Images for object localization
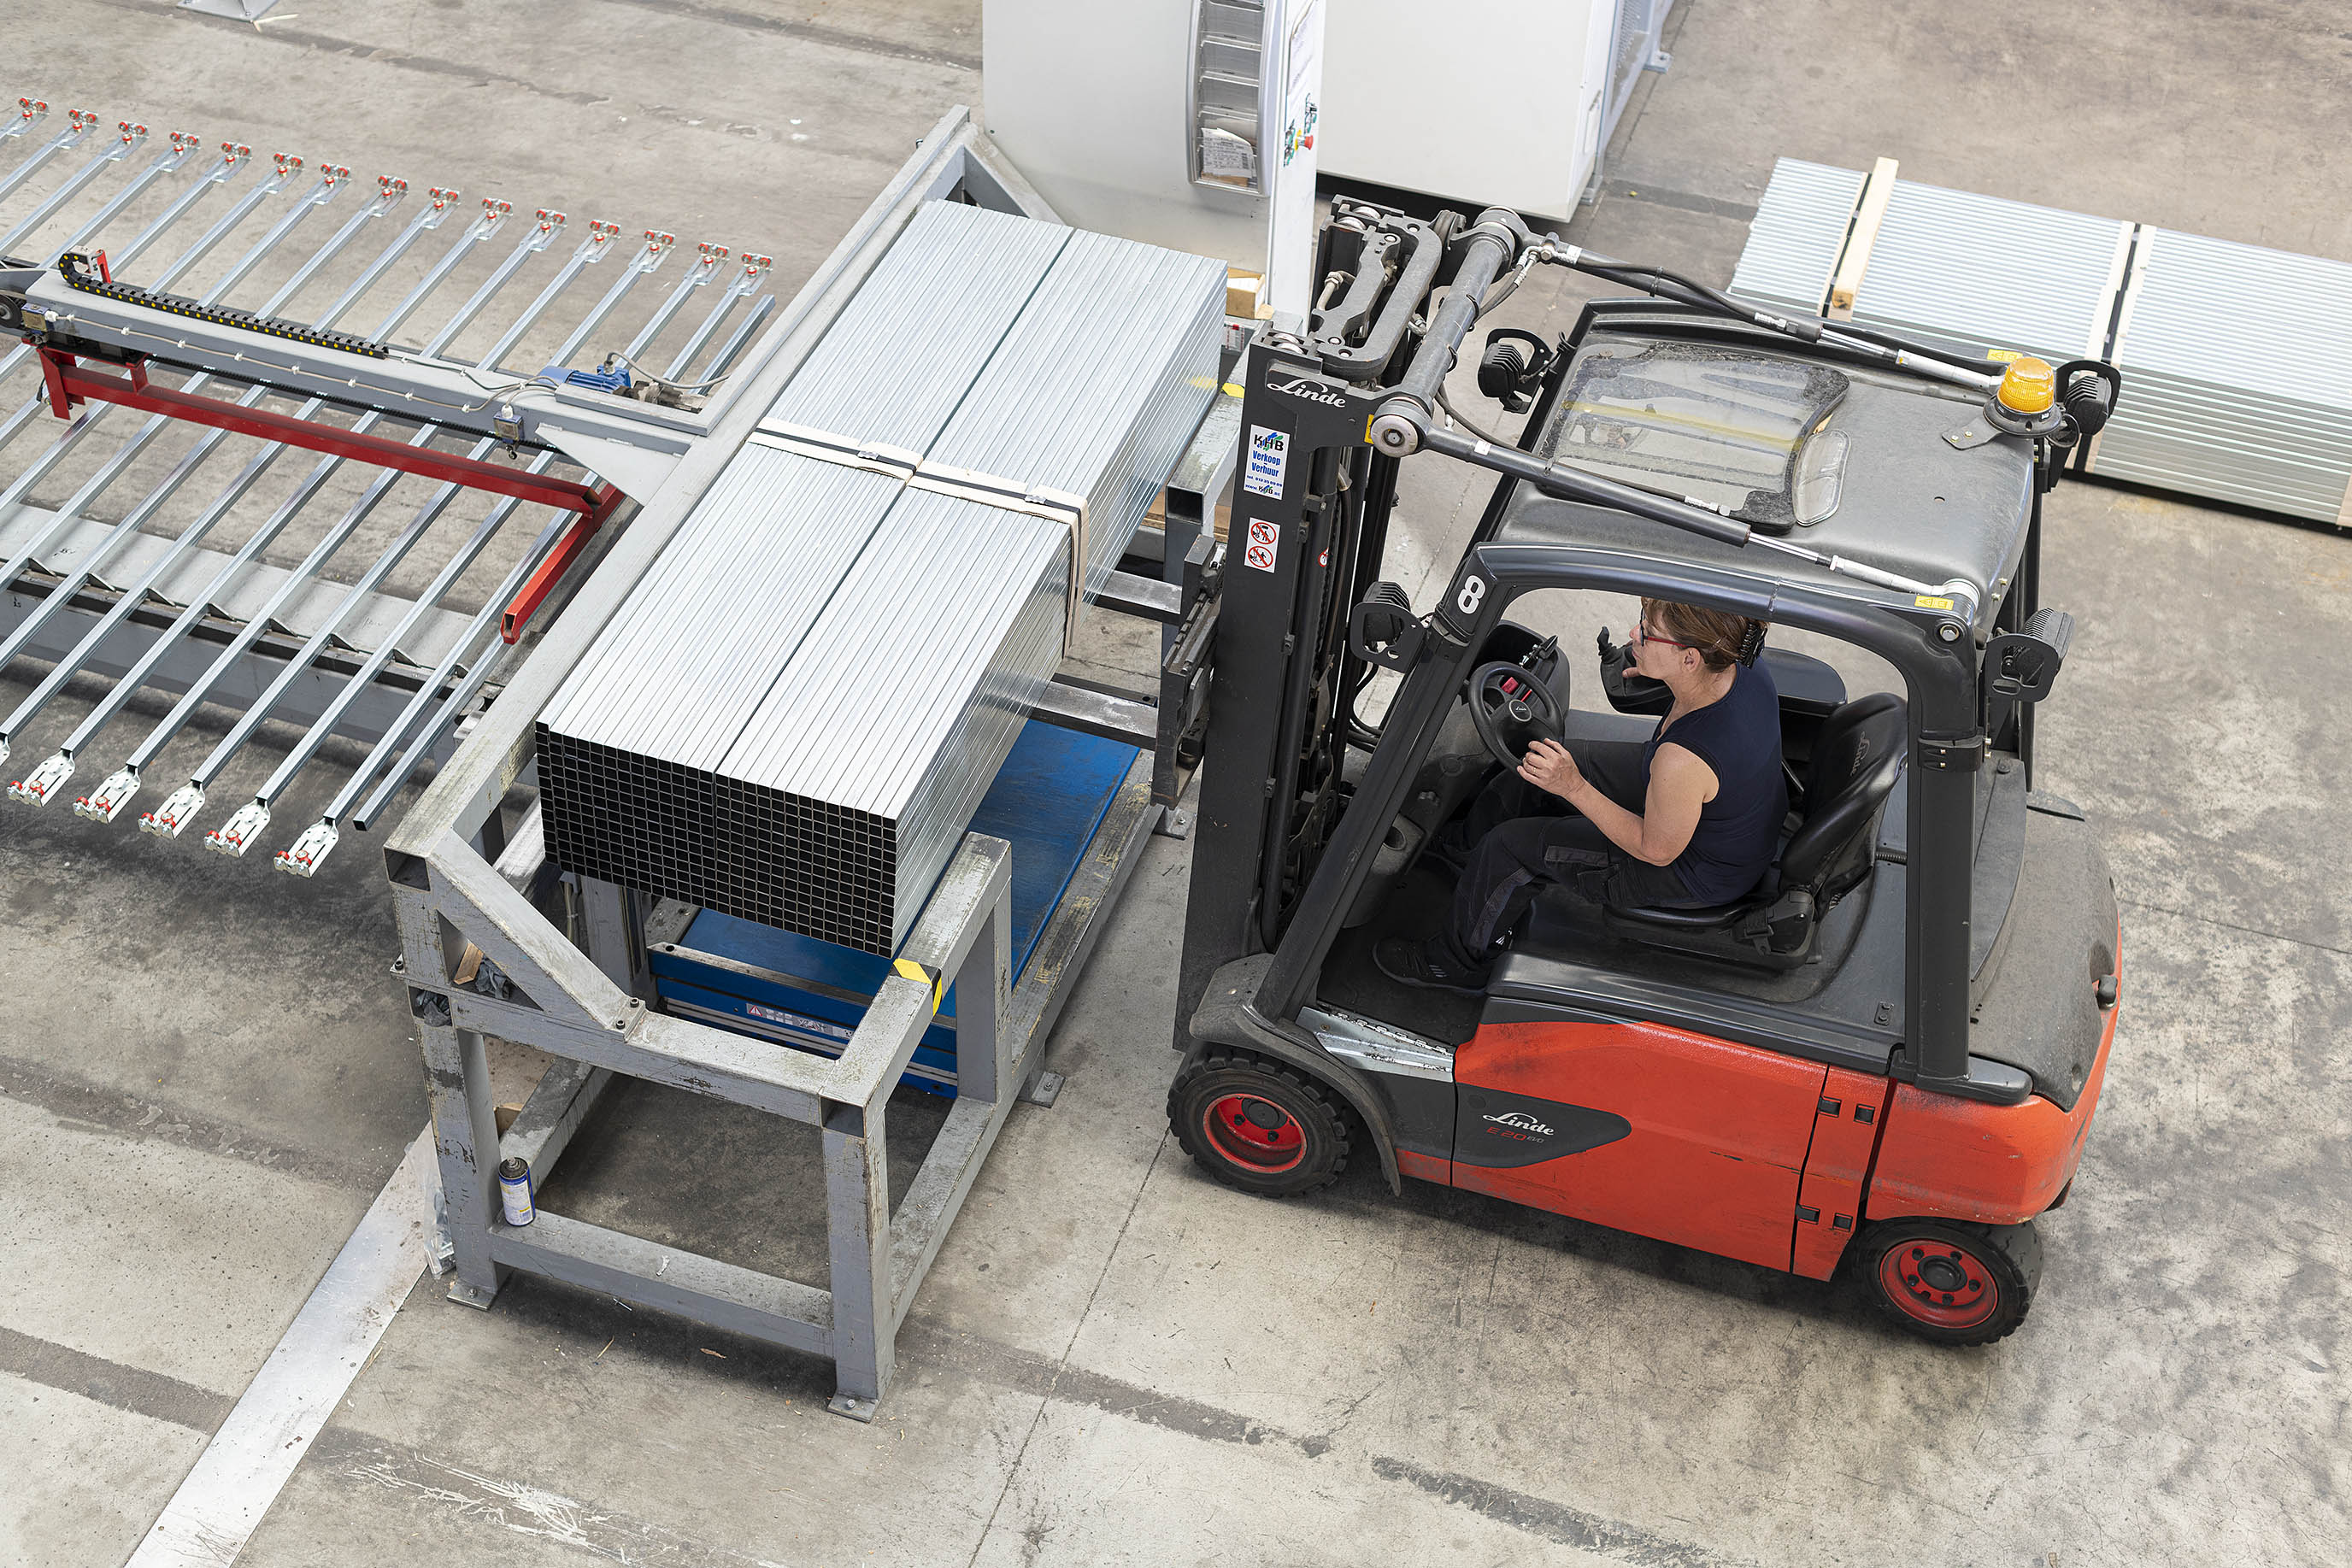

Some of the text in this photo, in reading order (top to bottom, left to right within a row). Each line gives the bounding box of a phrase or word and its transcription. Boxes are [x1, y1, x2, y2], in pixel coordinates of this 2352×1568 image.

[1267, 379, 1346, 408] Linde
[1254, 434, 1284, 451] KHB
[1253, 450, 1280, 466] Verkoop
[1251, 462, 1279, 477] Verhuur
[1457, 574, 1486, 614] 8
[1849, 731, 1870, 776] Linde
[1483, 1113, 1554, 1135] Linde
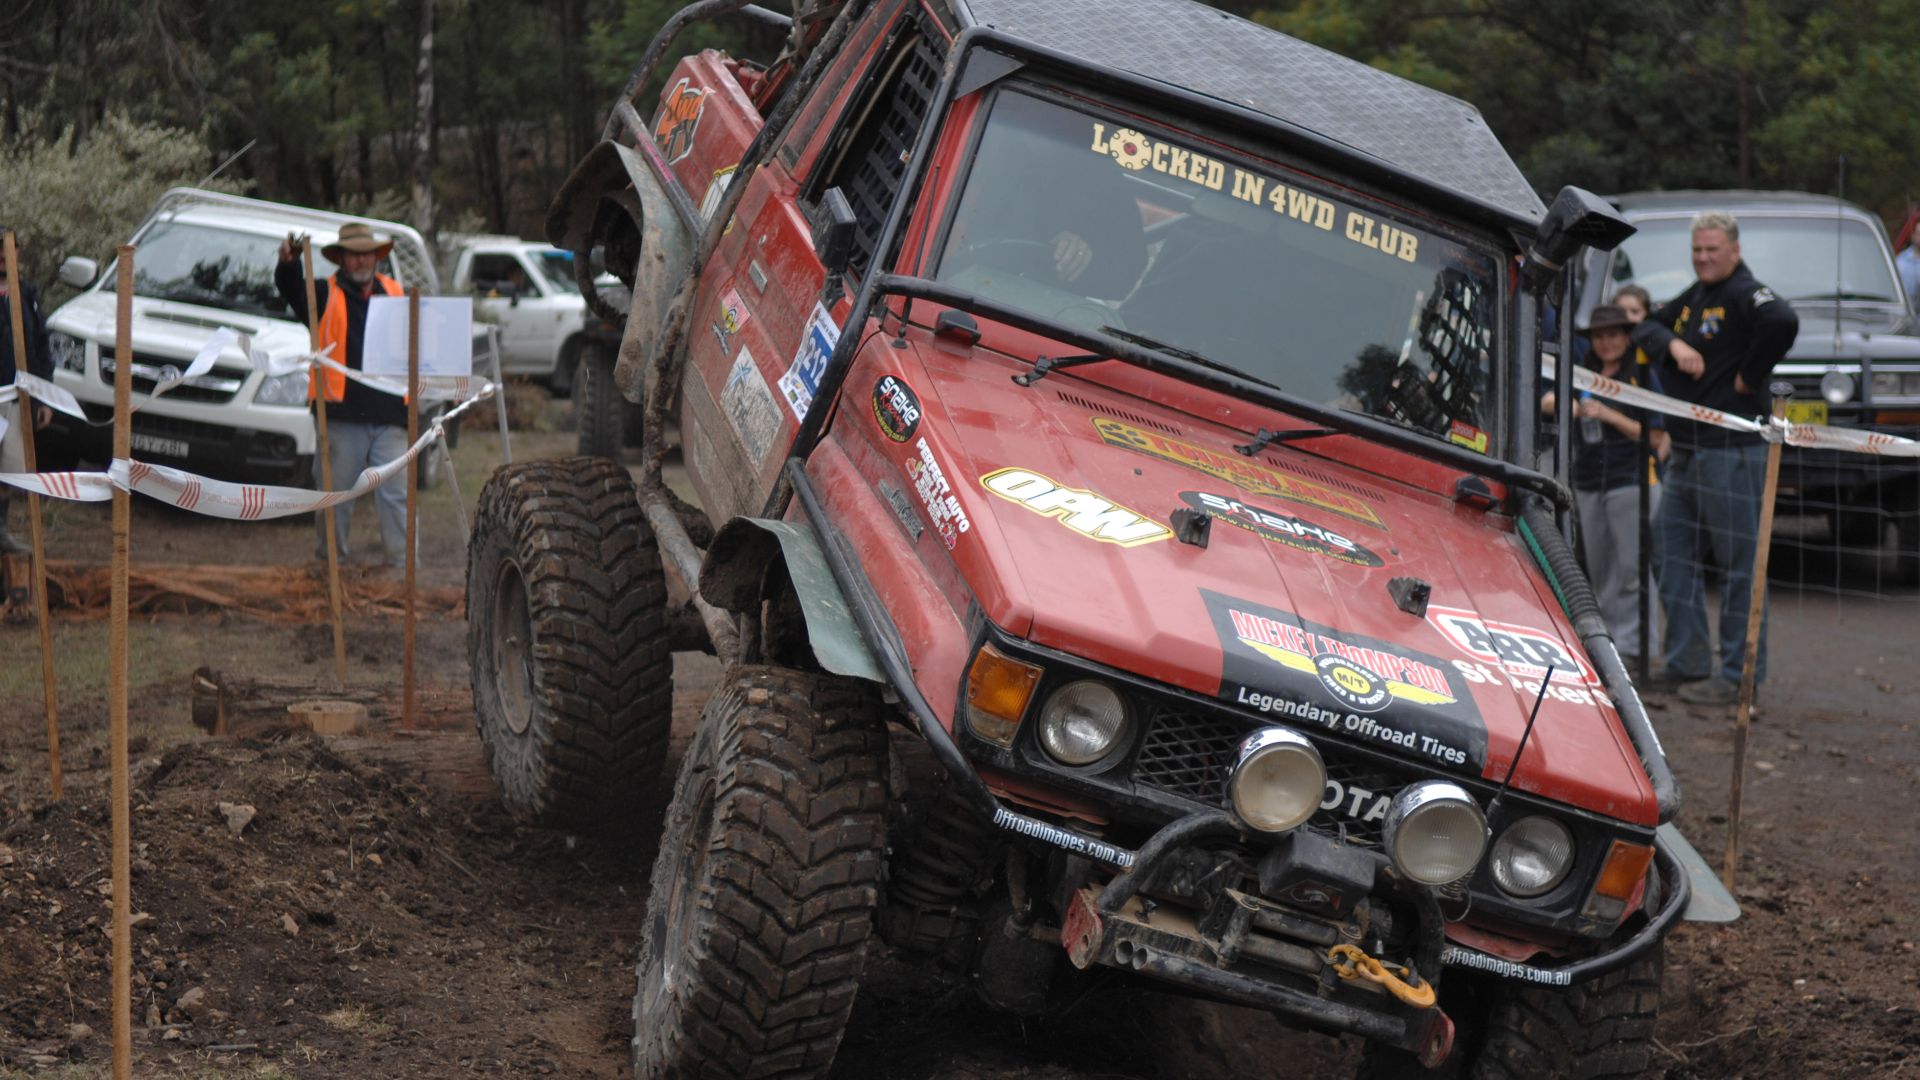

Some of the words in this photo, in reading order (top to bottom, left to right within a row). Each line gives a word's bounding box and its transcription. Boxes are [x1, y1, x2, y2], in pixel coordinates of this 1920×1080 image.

• [Goal of the exercise] Output a verbatim copy of all entries above; no pictures go in it.

• [Answer space]
Some of the text in this photo, in reading order (top to bottom, left to right within a row). Each line gives the bounding box of a phrase or word and its transcription. Boxes are [x1, y1, x2, y2], in pixel coordinates of this 2352×1568 image.

[1267, 379, 1346, 408] Linde
[1254, 434, 1284, 451] KHB
[1253, 450, 1280, 466] Verkoop
[1251, 462, 1279, 477] Verhuur
[1457, 574, 1486, 614] 8
[1849, 731, 1870, 776] Linde
[1483, 1113, 1554, 1135] Linde

Some of the words in this photo, in reading order (top to bottom, left to right within a row). Each line gives a word's bounding box and its transcription. Boxes are [x1, y1, x2, y2], in pixel coordinates of this 1920×1080 image.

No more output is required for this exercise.